Por tanto, observemos los tiempos y las fiestas, para que podamos servir a los demás y darles alimento espiritual. Compartamos nuestro testimonio de cuál es la esencia de la Fiesta para aquellos que aún no son miembros del Santuario, que aún no son Levitas. Pero aparte de la alegría que puede traer el cumplimiento del ministerio y la visión del nacimiento de nuevas vidas, no esperemos nada más de ellas, ya que ya lo hemos recibido todo, lo máximo que podemos recibir: Su Gracia.

Elohim dio las Fiestas y los Sábados al mundo como señales eternos para recordar a todos que Él es el Creador, Salvador y Señor del mundo. Debemos respetar y utilizar estos signos para el bien de los demás. En estos días, el hombre no redimido tiene la oportunidad de asomarse al Santuario celestial, el Cuerpo de Cristo, y también recibe una invitación para entrar. Esta es una gran oportunidad para que los sacerdotes levitas que sirven en su interior hagan la invitación más atractiva para que lo acepten más facilmente.
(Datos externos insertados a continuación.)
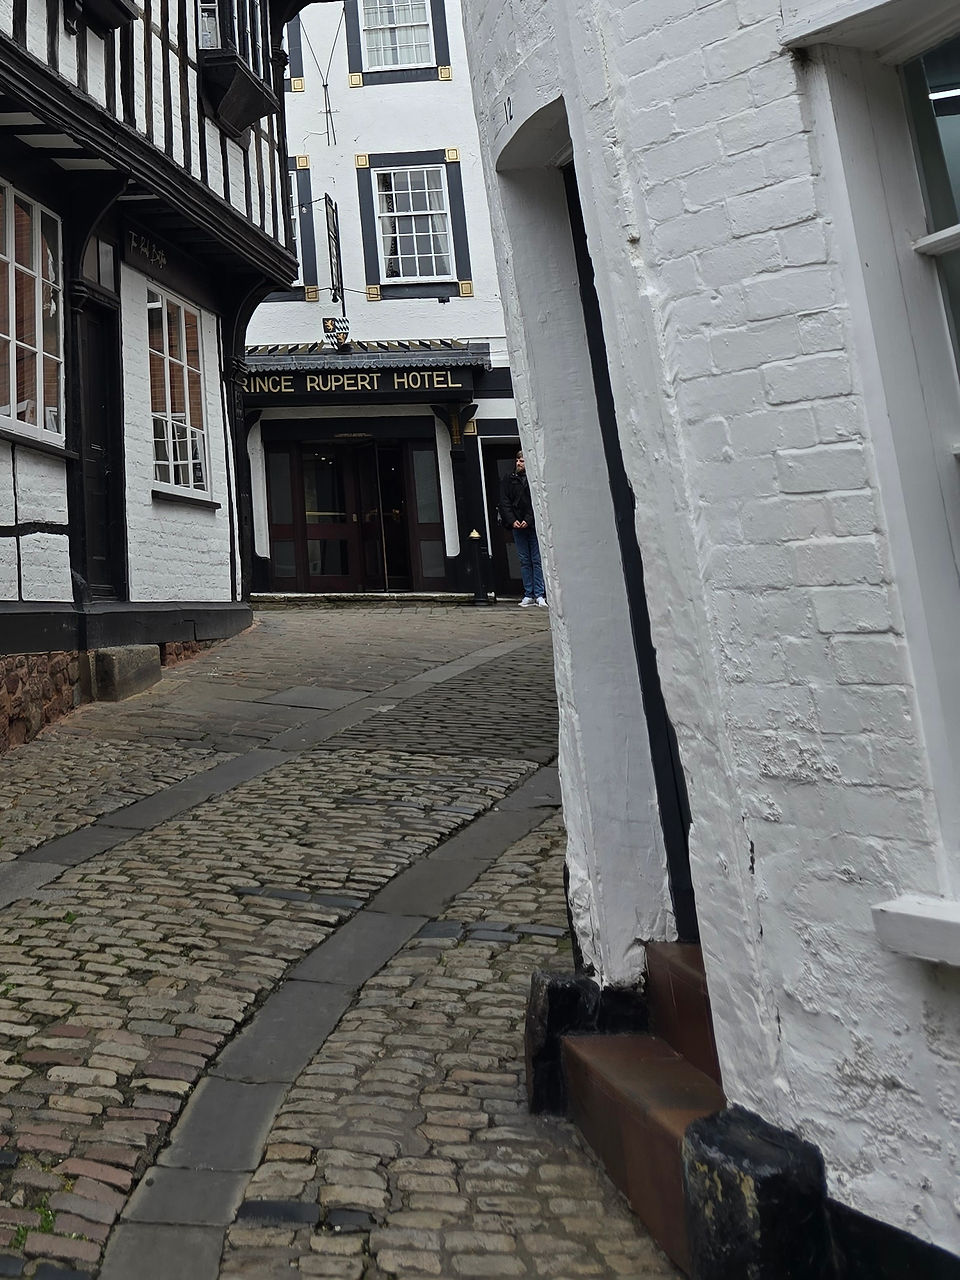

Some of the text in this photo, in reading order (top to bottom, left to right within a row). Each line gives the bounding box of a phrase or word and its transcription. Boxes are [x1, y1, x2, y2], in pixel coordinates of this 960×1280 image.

[242, 370, 463, 393] RINCE RUPERT HOTEL
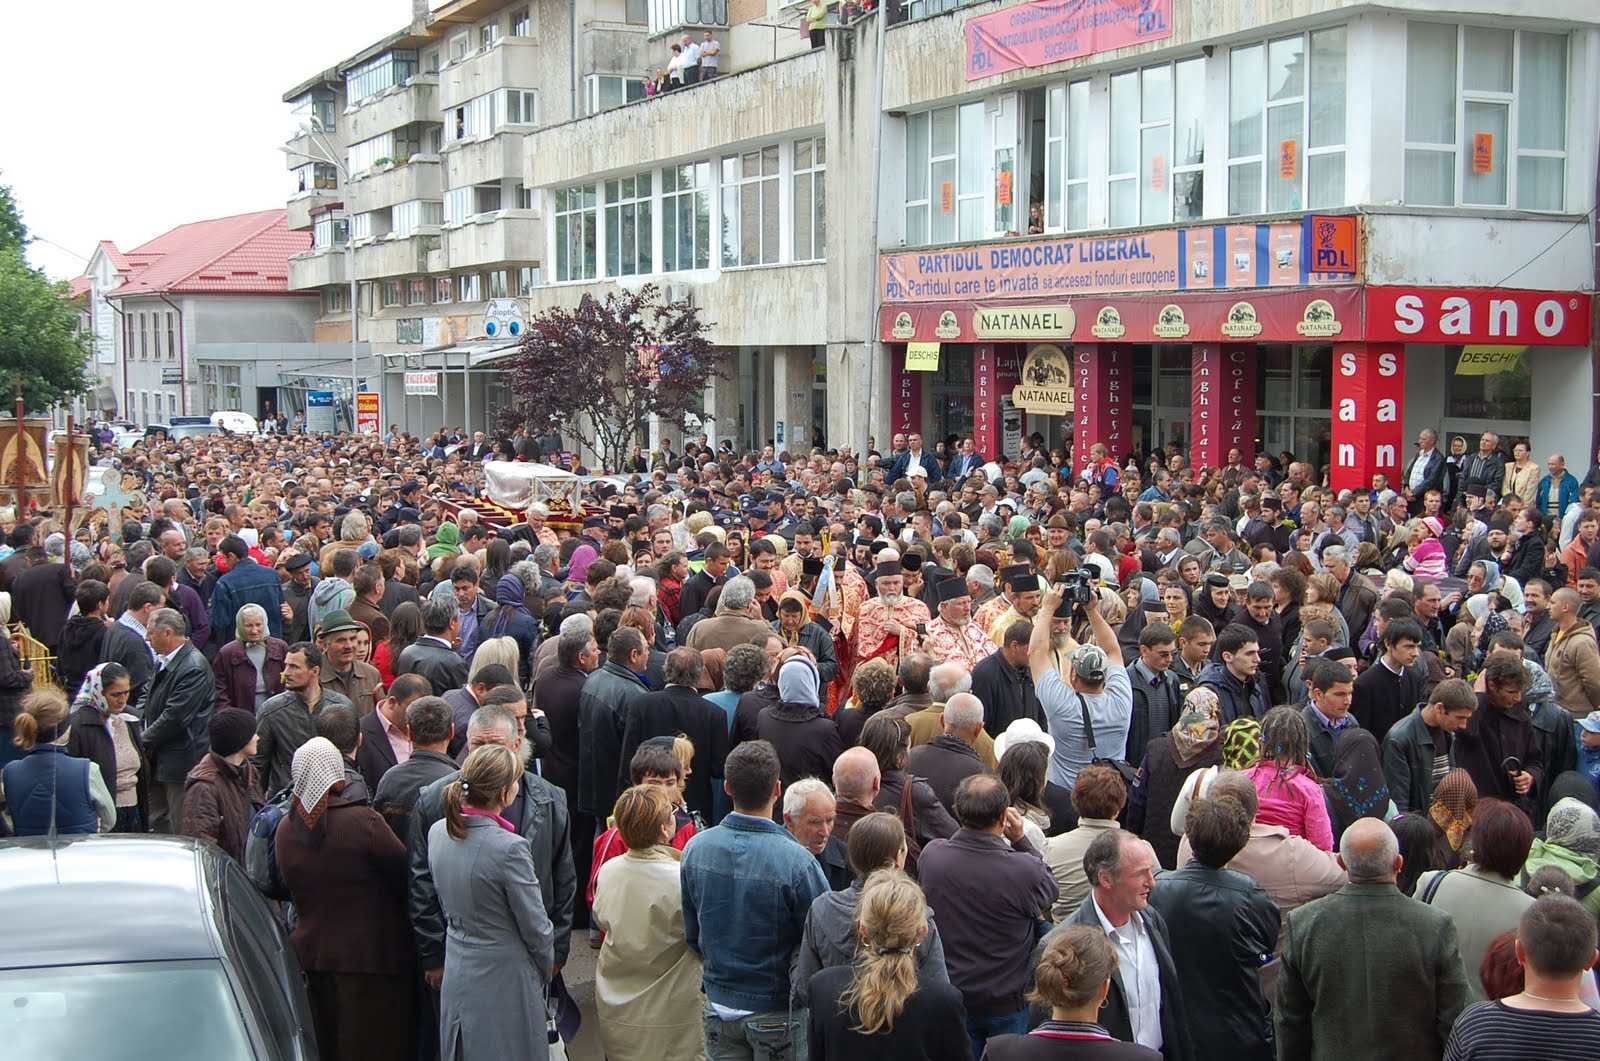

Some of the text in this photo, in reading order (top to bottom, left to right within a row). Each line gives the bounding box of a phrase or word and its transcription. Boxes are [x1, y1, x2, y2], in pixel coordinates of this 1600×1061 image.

[1138, 10, 1166, 34] PDL
[1044, 39, 1079, 58] SUCEAVA
[972, 51, 993, 70] PDL
[919, 237, 1155, 274] PARTIDUL DEMOCRAT LIBERAL,
[1317, 249, 1349, 267] PDL
[886, 282, 905, 298] PDL
[908, 278, 951, 297] Partidul
[954, 281, 981, 295] care
[984, 276, 996, 293] te
[1054, 271, 1093, 288] accesezi
[1095, 268, 1128, 286] fonduri
[1130, 270, 1176, 287] europene
[981, 313, 1063, 330] NATANAEL
[1394, 295, 1564, 337] sano
[909, 351, 938, 360] DESCHIS
[1019, 390, 1075, 404] NATANAEL
¡Celebremos con el corazón de un niño por el bien de los niños!

Como padre, luego de unos años de celebración latente, me di cuenta de la importancia de conmemorar estas ocasiones para poder guardarlas en la memoria de mis niños. Me di cuenta de que sería un gran error privarlos de ellos solo porque sus padres son espiritualmente adultos. Este es uno de los medios más poderosos de evangelización. Enseña una especie de humildad y respeto a nuestros hijos, construye los cimientos de su fe y, en el caso de los judíos, fortalece su identidad. Aquí aprendemos que en nuestro mundo agitado necesitamos momentos para detenernos y enfocarnos exclusivamente en Elohim y buscarlo. Al igual que con las fiestas de mi infancia, aunque la mayoría de ellas eran falsas, todavía jugaron un papel decisivo en mi investigación y reconocimiento de las verdaderas fiestas del Señor y del Señor mismo.
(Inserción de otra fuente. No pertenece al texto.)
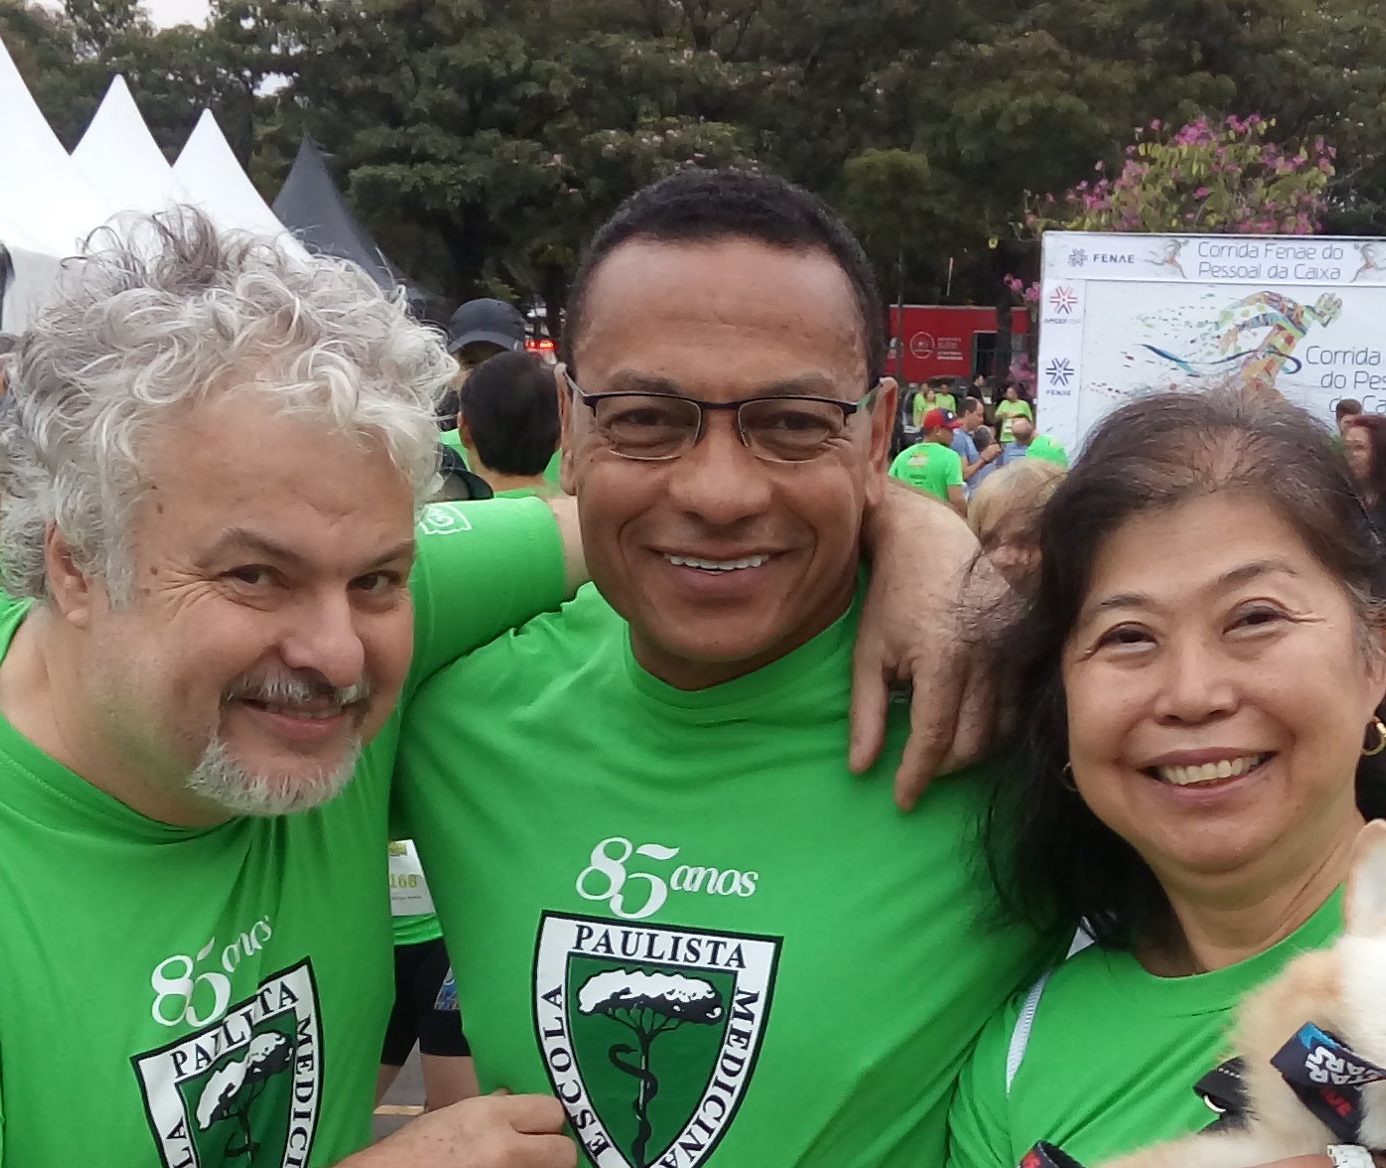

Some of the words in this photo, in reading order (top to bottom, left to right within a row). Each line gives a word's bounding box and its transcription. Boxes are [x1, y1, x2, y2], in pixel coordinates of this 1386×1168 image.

[1092, 254, 1135, 265] FENAE
[1198, 241, 1259, 259] Corrida
[1264, 243, 1315, 259] Fenae
[1321, 243, 1344, 260] do
[1198, 261, 1262, 279] Pessoal
[1267, 263, 1288, 280] da
[1293, 263, 1342, 280] Caixa
[1305, 345, 1381, 366] Corrida
[1320, 371, 1347, 389] do
[575, 836, 680, 920] 85
[669, 863, 759, 898] anos
[572, 924, 747, 970] PAULISTA
[540, 984, 612, 1161] ESCOLA
Estas celebraciones serán señales en la vida futura de mis niños, ojalá en sus caminos de discipulado, en quien puedan contar, que los fortalecerá y les mostrará el camino. Sin embargo, tarde o temprano tendrán que ir más allá del lado superficial de estos signos. No les bastará con aparecer en el patio del Tabernaculo 3 veces al año durante las grandes fiestas o los Shabat semanales, sino que como miembros del Santuario habrán que ser grabados en su interior y corazones toda la esencia de las fiestas y de los Shabat para volverse permanentes en ellos.

Así que conservemos las fiestas por el bien de los niños, para los que son niños en edad física, pero también para los que lo están en espíritu, aunque físicamente adultos, y para los que aún no han nacido de nuevo.